Le coût de la vie n'a pas beaucoup varié; il paraît même avoir plutôt baissé qu'augmenté. Deux produits seuls sont en hausse la viande et les produits de la laiterie, et le logement; ce dernier, dans les grandes villes, où l'affluence de population est de plus en plus grande, est en élévation très marquée; tous les autres articles de nourriture, de vêtement, d'éclairage, de chauffage, sont en baisse. On estimait que, à Paris, le chiffre des dépenses pour une même consommation, comprenant la nourriture, le chauffage et l'éclairage, qui eût été de 1295 francs en 1864-1873, ne s'était élevé qu'à 1353 francs en 1884-1893; ce serait une augmentation de 5 0/0 à peine.

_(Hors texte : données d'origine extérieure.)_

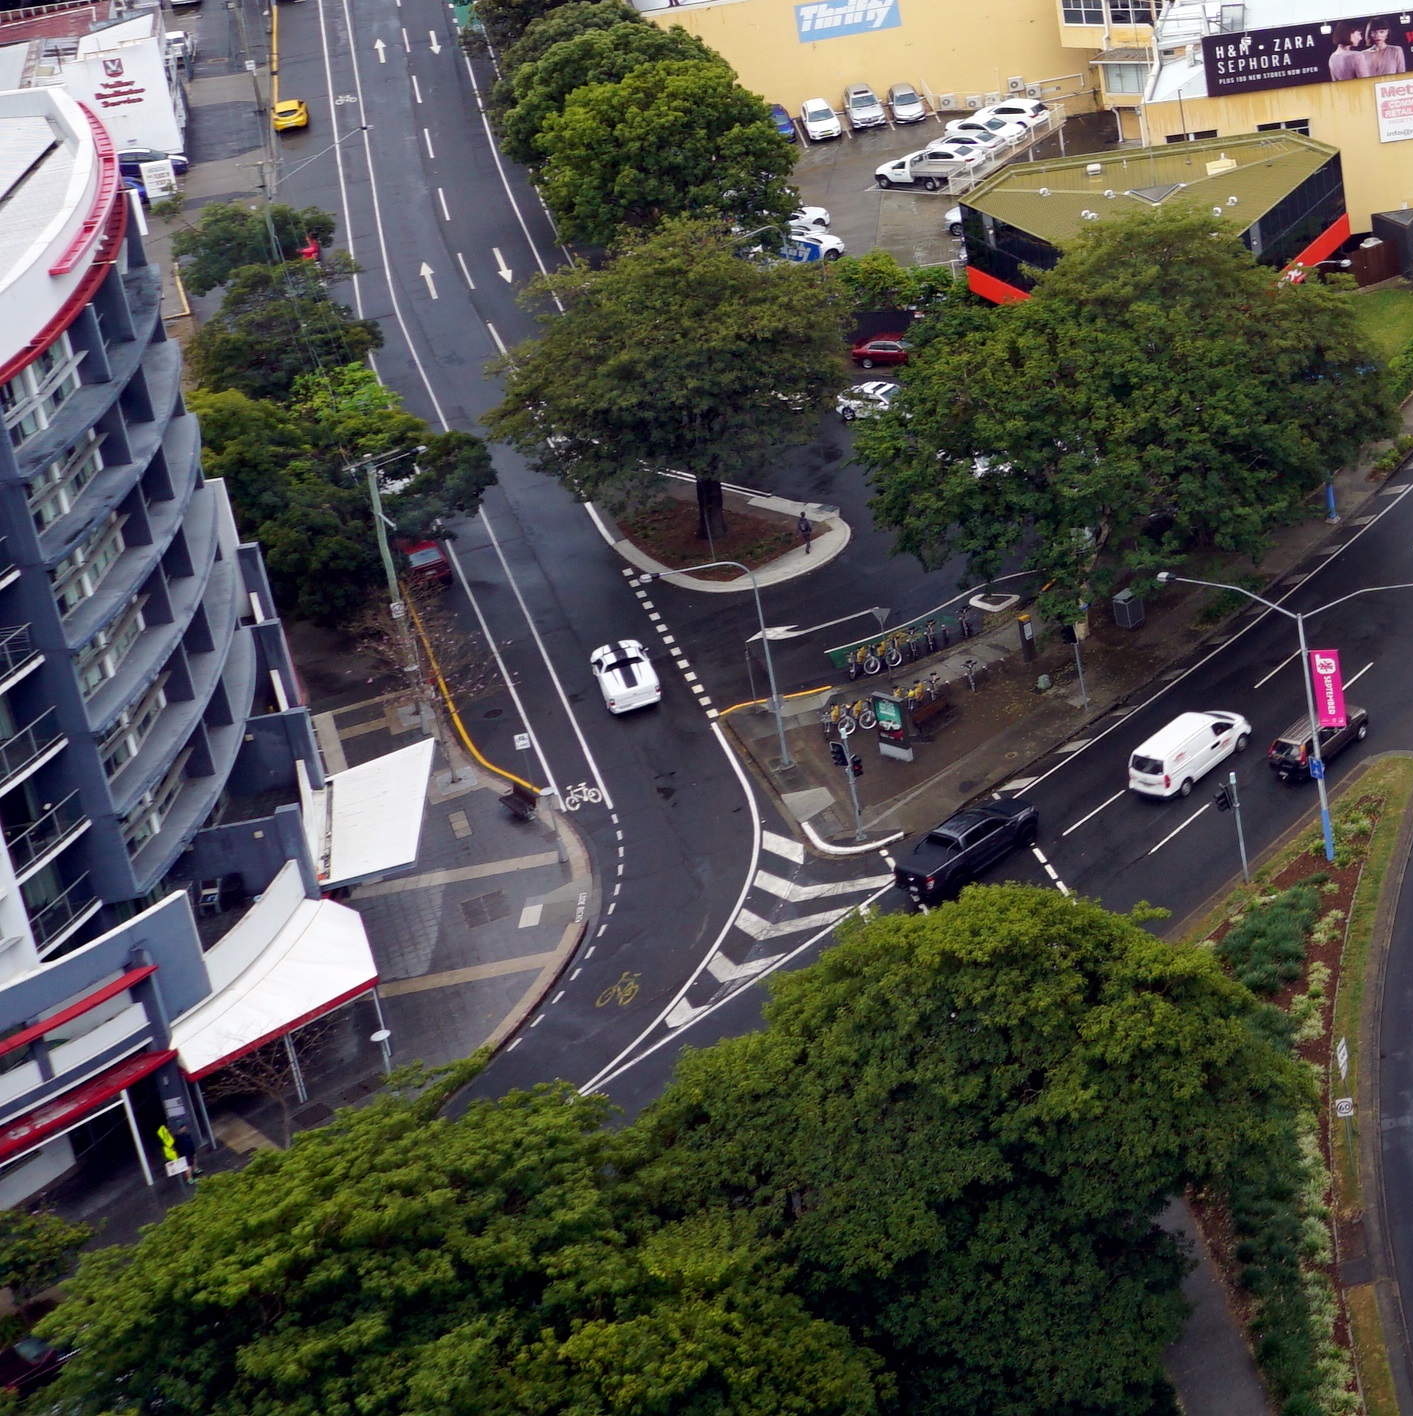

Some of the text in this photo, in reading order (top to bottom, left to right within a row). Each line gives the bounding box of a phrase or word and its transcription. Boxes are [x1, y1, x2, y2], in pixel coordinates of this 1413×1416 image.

Les classes ouvrières ont donc bénéficié dans l'ensemble d'une amélioration réelle de leur sort pendant ce dernier quart de siècle. Mais il ne faut pas se borner à considérer la dépense nécessitée à deux époques différentes pour la satisfaction des besoins primordiaux. Il faut également se rendre compte des modifications survenues dans la nature des besoins; or, ceux-ci ont singulièrement augmenté pendant ce court espace de temps. De nouveaux besoins sont nés; la classe ouvrière, de même que les autres classes de la société, et à aussi juste titre, règle maintenant sa vie sur un type plus élevé.

La même enquête de l'Office du travail nous montre que concurremment avec cette élévation des salaires la durée du

travail est allée en diminuant. La moyenne de la longueur de la journée réelle du travail ne serait plus que de dix heures et demie, et les deux tiers des journées varient de dix heures à onze heures. Les journées les moins longues se rencontrent dans les exploitations minières, métallurgiques ou dans les grandes verreries, où la journée normale est inférieure ou égale à neuf heures. Les plus longues se font dans les industries textiles, où on signale encore des journées de douze heures.

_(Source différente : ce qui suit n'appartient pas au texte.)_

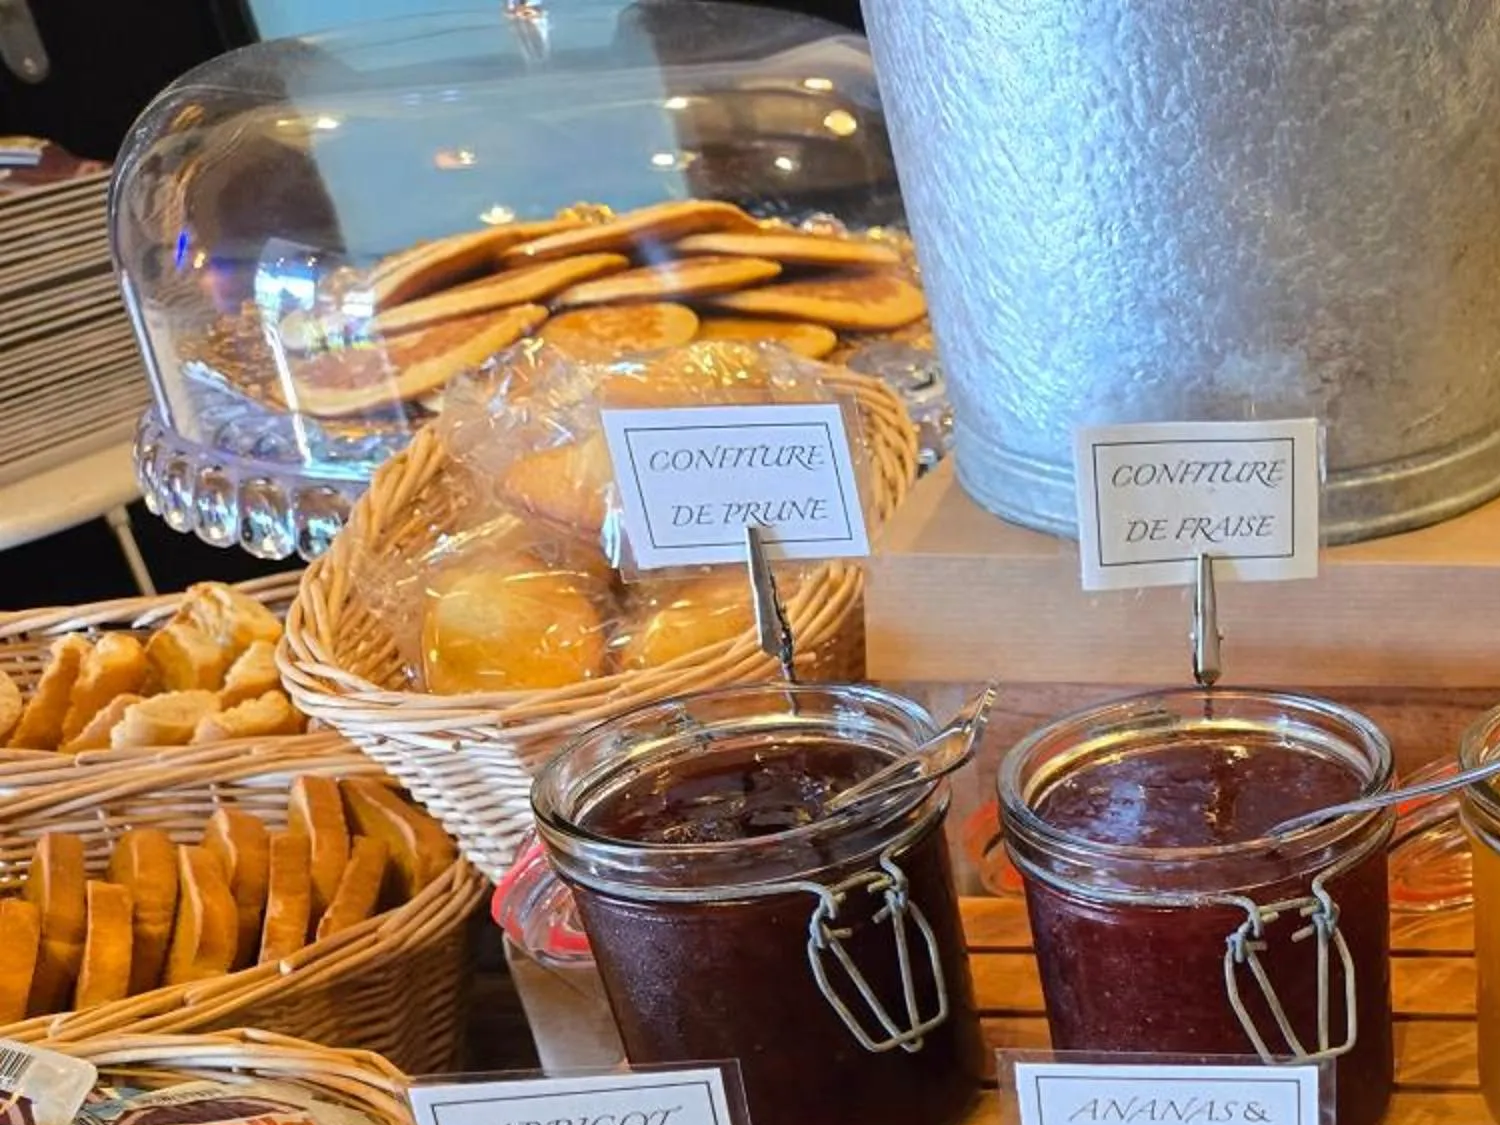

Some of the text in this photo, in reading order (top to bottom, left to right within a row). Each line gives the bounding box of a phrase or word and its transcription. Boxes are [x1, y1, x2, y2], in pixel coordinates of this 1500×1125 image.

[649, 444, 826, 472] CONFITURE
[1111, 458, 1286, 488] CONFITURE
[671, 498, 829, 528] DE PRUNE
[1126, 515, 1276, 543] DE FRAISE

La législation ouvrière. Ces heureux résultats n'ont été en grande partie acquis qu'au prix de luttes parfois fort vives, toujours douloureuses, entre les ouvriers et les patrons. L'arme des premiers a été la grève, arme légitime, mais dangereuse, aussi bien pour les attaquants que pour les attaqués, et dont les ouvriers ont fait parfois un usage irréfléchi. Le nombre des grèves a surtout augmenté depuis la crise de 1882. En 1898, il a été de 368, affectant plus de 82000 ouvriers, et entraînant 1 216 306 jours de chômage. Plus de la moitié se sont terminées par la réussite des réclamations ouvrières ou par une transaction; 60 0/0 d'entre elles avaient pour but une demande d'augmentation de salaires ou la résistance à l'annonce de leur diminution.

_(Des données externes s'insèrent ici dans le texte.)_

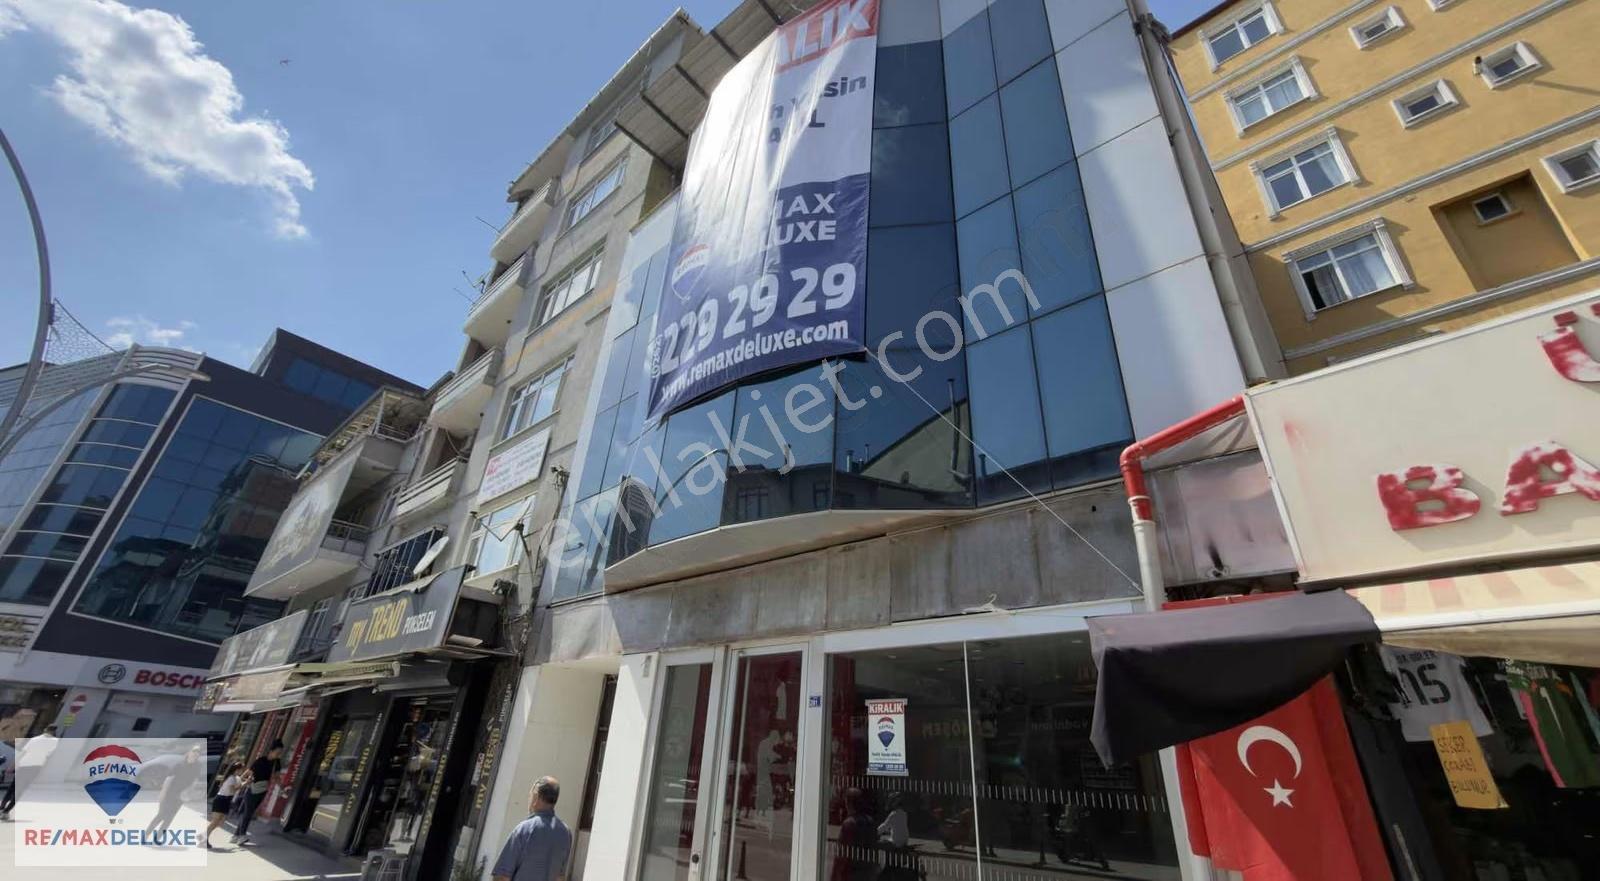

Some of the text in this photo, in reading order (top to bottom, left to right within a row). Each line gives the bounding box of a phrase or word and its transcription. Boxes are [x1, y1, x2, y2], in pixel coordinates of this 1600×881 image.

[661, 262, 857, 376] 229 29 29
[346, 619, 369, 657] my
[364, 597, 408, 644] TREND
[134, 668, 208, 690] BOSCH
[481, 727, 500, 780] TREND
[475, 783, 489, 809] my

En 1884, la loi créant les syndicats professionnels a enfin accordé aux ouvriers le droit d'association, qu'ils réclamaient depuis si longtemps, comme le complément nécessaire du droit de coalition. Les ouvriers ont profité largement de cette liberté nouvelle en 1897, on complait 2316 syndicats ouvriers, réunissant 431 000 membres. Les syndicats patronaux étaient au nombre de 1823 avec 159 000 membres. On comptait en outre 170 syndicats mixtes groupant 32 000 patrons et ouvriers. Cette loi, en permettant aux ouvriers de se grouper d'une manière permanente, leur a donné la possibilité de mieux connaître la nature de leurs intérêts professionnels et d'agir avec plus de force dans la revendication de leurs droits. Il est à déplorer, malheureusement, que trop souvent les syndicats soient devenus de véritables instruments entre les mains de simples politiciens, professionnels de la grève, qui s'en sont servis pour se

« PreviousContinue »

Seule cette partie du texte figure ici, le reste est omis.